Marur and Tippur [46] developed a strain gage technique for determination of complex SIF in bimaterial systems. As in the case of Ricci et al. [45] technique, only singular strain terms were considered for representation of strain field ahead of the crack tip. Unlike Ricci et al. [45], Marur and Tippur [46] considered both the radial and hoop strains for the determination of mixed mode SIFs and therefore a strain rosette was employed for experimental determination of SIFs. They selected the radial distance for the strain gages from the parametric studies presented by Ricci et al. [45]
and no explanation was provided as to whether the selected radial distances were within the singularity dominated zone or not. The angular position of the rosette was selected based on conditioning of the coefficient matrix and to maximize the sensitivity of the measurements. The results corresponding to static and dynamic loading conditions showed that the complex SIFs obtained by strain gage method were in agreement with the finite element estimations.
Ricci et al. [47] extended the strain gage technique developed by Ricci et al.
[45] for subsonic dynamic loading conditions of isotropic-isotropic bimaterial systems.

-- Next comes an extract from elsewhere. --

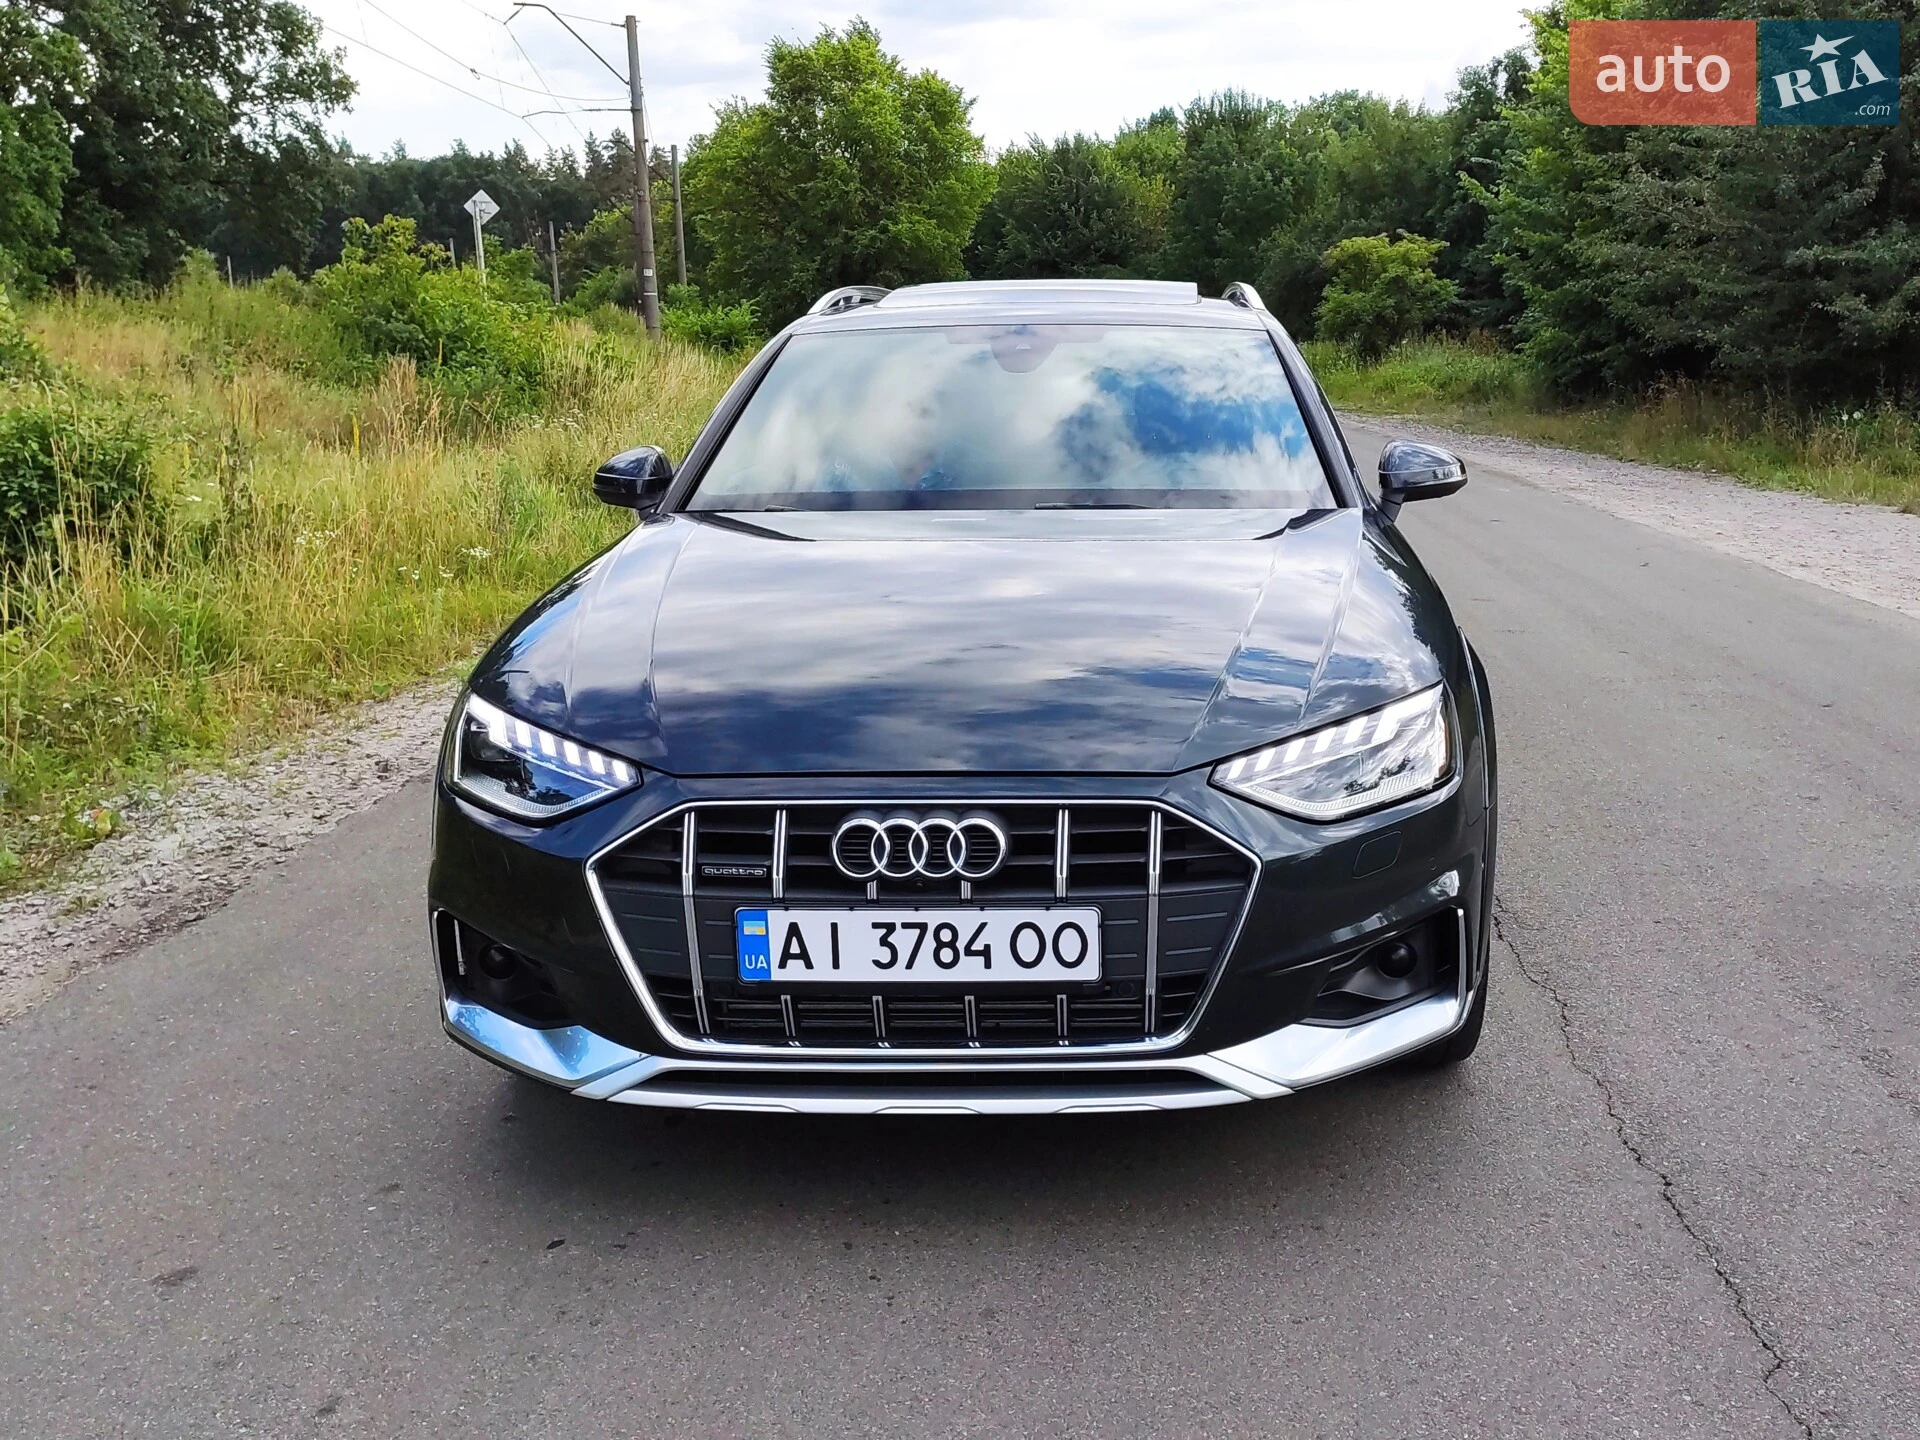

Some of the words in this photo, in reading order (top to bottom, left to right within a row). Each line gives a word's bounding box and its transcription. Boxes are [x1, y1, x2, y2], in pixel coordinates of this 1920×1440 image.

They selected the radial distance for the strain gages from the parametric studies presented by Ricci et al. [45] and no explanation was provided as to whether the selected radial distances were within the singularity dominated zone or not. The angular position was again based on the parametric study which maximized the sensitivity of strain measurement. Results obtained using their strain gage technique were in agreement with the photoelastic results.

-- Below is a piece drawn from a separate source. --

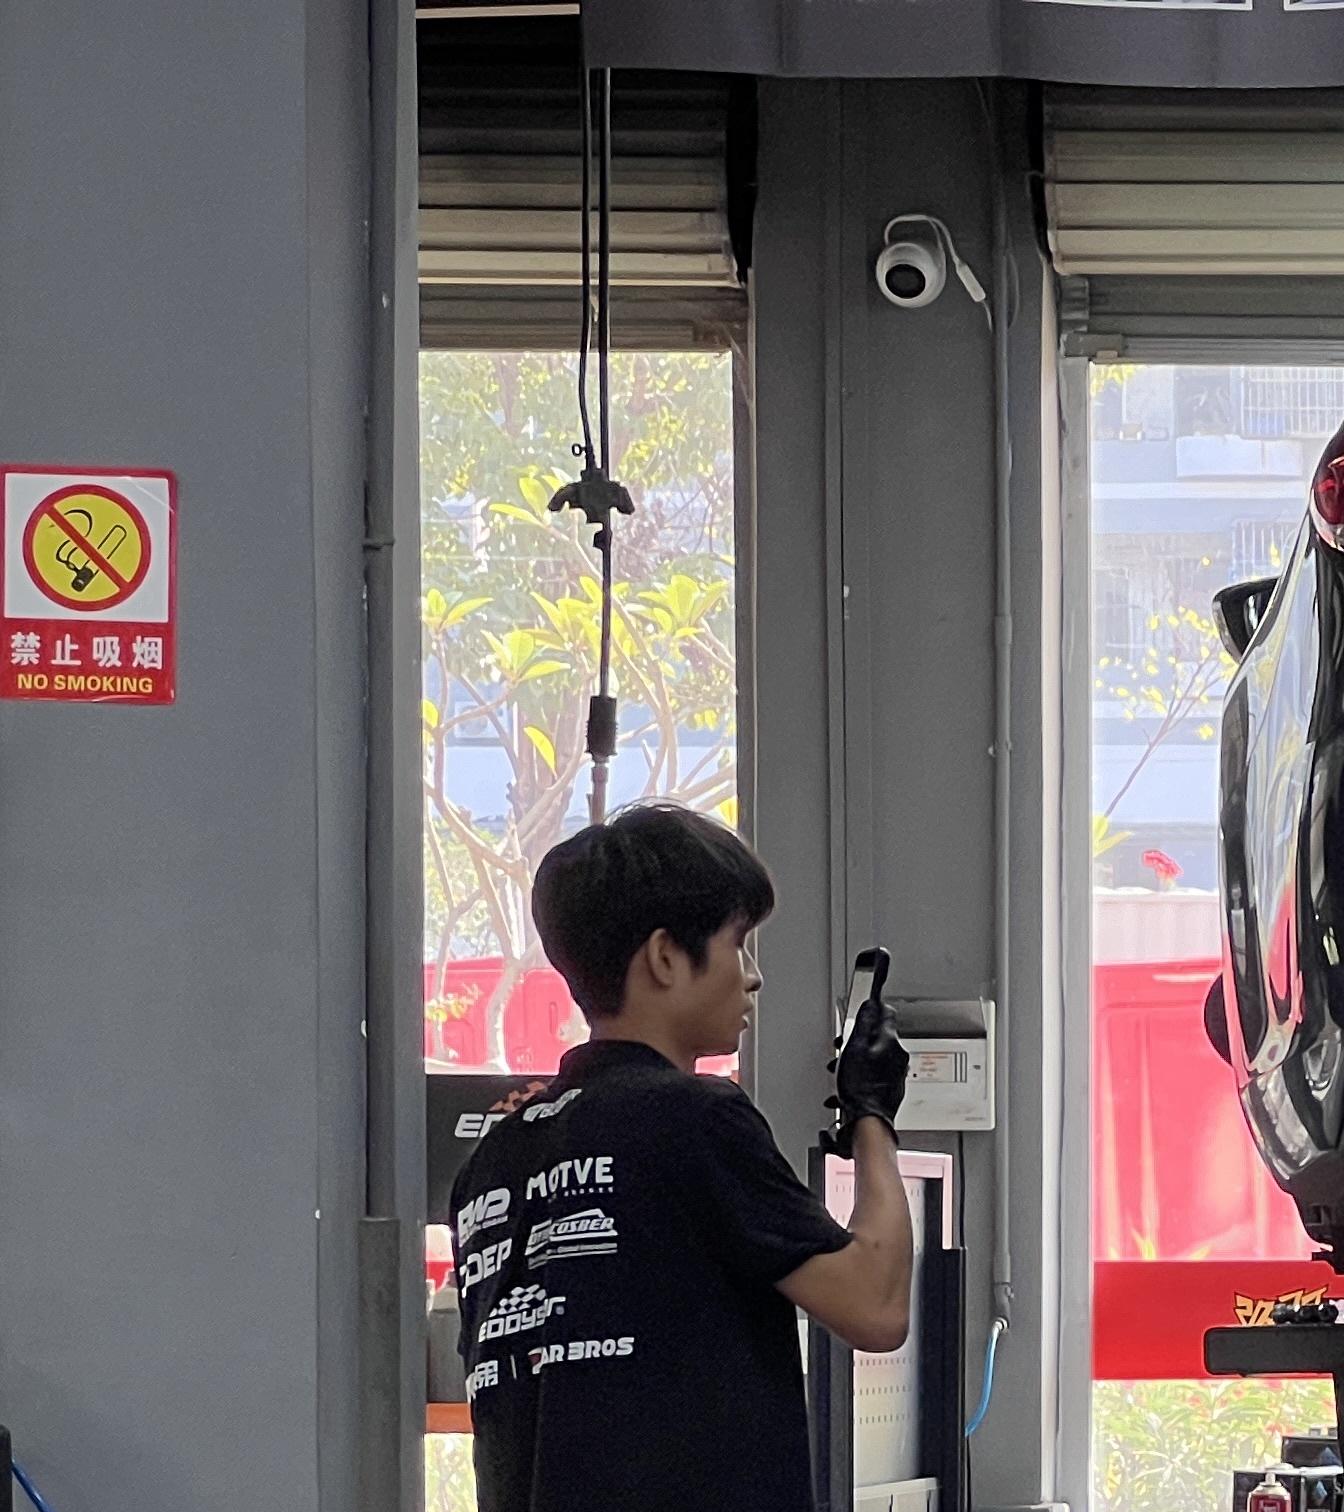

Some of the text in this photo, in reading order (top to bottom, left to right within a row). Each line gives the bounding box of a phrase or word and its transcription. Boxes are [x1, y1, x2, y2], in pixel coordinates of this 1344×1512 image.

Ricci et al. [48] extended their strain gage technique presented in Ref. [47] to isotropic- orthotropic bimaterial interface. Again they selected the radial distance for the strain gages from the parametric studies presented by Ricci et al. [45] and no explanation was provided as to whether the selected radial distances were within the
singularity dominated zone or not. As stated earlier, these locations were selected to avoid three dimensional and plasticity effects at the crack tips. For the experiments, four strain gages were mounted in a row. The orientation of strain gages were decided based on peak strain profile. Results showed that the complex SIF obtained by strain gage method was in agreement with results obtained by photoelasticity method.
To the best of author’s knowledge the very early attempt on determination of optimal strain gage locations corresponding to the DS technique was proposed by Kaushik and Murthy [49]. Their estimation was based on the extent of applicability of assumed strain distribution in the DS technique. Although, the proposed technique was applicable for all configurations, it is observed that their approach resulted into highly inconsistent and over estimated values optimal gage locations. No experimental study was conducted for verification of the estimated gage locations.
Due to erroneous estimations, many important results were obscured.